Task to complete:
Output each entry in full so that the result matches the data exactly.

Saved entries:
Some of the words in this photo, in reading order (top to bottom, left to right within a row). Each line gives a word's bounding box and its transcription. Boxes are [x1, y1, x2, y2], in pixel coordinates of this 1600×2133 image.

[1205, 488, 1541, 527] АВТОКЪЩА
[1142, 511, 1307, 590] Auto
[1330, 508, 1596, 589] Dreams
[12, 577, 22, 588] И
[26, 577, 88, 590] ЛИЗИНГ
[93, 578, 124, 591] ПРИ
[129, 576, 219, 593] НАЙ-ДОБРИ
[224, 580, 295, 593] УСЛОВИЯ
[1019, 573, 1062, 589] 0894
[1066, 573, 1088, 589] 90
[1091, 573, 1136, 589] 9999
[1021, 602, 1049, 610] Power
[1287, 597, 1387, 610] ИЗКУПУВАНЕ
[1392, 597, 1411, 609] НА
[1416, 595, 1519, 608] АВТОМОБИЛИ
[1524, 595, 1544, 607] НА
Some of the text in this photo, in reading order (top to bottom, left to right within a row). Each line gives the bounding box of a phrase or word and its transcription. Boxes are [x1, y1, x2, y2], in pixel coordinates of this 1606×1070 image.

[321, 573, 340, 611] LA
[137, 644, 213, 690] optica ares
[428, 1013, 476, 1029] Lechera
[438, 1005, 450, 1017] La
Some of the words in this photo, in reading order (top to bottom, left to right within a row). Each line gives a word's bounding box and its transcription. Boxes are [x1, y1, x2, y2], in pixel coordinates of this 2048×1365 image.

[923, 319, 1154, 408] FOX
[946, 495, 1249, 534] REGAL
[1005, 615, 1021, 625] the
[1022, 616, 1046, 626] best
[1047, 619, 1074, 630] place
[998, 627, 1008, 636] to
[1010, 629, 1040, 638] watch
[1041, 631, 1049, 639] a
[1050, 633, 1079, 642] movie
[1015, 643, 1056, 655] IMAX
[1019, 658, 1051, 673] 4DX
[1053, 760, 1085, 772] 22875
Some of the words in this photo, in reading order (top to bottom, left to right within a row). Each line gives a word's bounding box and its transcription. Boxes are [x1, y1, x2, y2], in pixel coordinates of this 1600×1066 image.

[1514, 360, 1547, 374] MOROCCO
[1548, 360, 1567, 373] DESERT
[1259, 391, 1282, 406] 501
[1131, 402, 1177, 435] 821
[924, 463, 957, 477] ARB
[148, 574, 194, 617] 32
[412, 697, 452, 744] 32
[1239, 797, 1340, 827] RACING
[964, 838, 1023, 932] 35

Solution for this problem:
Some of the words in this photo, in reading order (top to bottom, left to right within a row). Each line gives a word's bounding box and its transcription. Boxes are [x1, y1, x2, y2], in pixel coordinates of this 1600×2133 image.

[1205, 488, 1541, 527] АВТОКЪЩА
[1142, 511, 1307, 590] Auto
[1330, 508, 1596, 589] Dreams
[12, 577, 22, 588] И
[26, 577, 88, 590] ЛИЗИНГ
[93, 578, 124, 591] ПРИ
[129, 576, 219, 593] НАЙ-ДОБРИ
[224, 580, 295, 593] УСЛОВИЯ
[1019, 573, 1062, 589] 0894
[1066, 573, 1088, 589] 90
[1091, 573, 1136, 589] 9999
[1021, 602, 1049, 610] Power
[1287, 597, 1387, 610] ИЗКУПУВАНЕ
[1392, 597, 1411, 609] НА
[1416, 595, 1519, 608] АВТОМОБИЛИ
[1524, 595, 1544, 607] НА
Some of the text in this photo, in reading order (top to bottom, left to right within a row). Each line gives the bounding box of a phrase or word and its transcription. Boxes are [x1, y1, x2, y2], in pixel coordinates of this 1606×1070 image.

[321, 573, 340, 611] LA
[137, 644, 213, 690] optica ares
[428, 1013, 476, 1029] Lechera
[438, 1005, 450, 1017] La
Some of the words in this photo, in reading order (top to bottom, left to right within a row). Each line gives a word's bounding box and its transcription. Boxes are [x1, y1, x2, y2], in pixel coordinates of this 2048×1365 image.

[923, 319, 1154, 408] FOX
[946, 495, 1249, 534] REGAL
[1005, 615, 1021, 625] the
[1022, 616, 1046, 626] best
[1047, 619, 1074, 630] place
[998, 627, 1008, 636] to
[1010, 629, 1040, 638] watch
[1041, 631, 1049, 639] a
[1050, 633, 1079, 642] movie
[1015, 643, 1056, 655] IMAX
[1019, 658, 1051, 673] 4DX
[1053, 760, 1085, 772] 22875
Some of the words in this photo, in reading order (top to bottom, left to right within a row). Each line gives a word's bounding box and its transcription. Boxes are [x1, y1, x2, y2], in pixel coordinates of this 1600×1066 image.

[1514, 360, 1547, 374] MOROCCO
[1548, 360, 1567, 373] DESERT
[1259, 391, 1282, 406] 501
[1131, 402, 1177, 435] 821
[924, 463, 957, 477] ARB
[148, 574, 194, 617] 32
[412, 697, 452, 744] 32
[1239, 797, 1340, 827] RACING
[964, 838, 1023, 932] 35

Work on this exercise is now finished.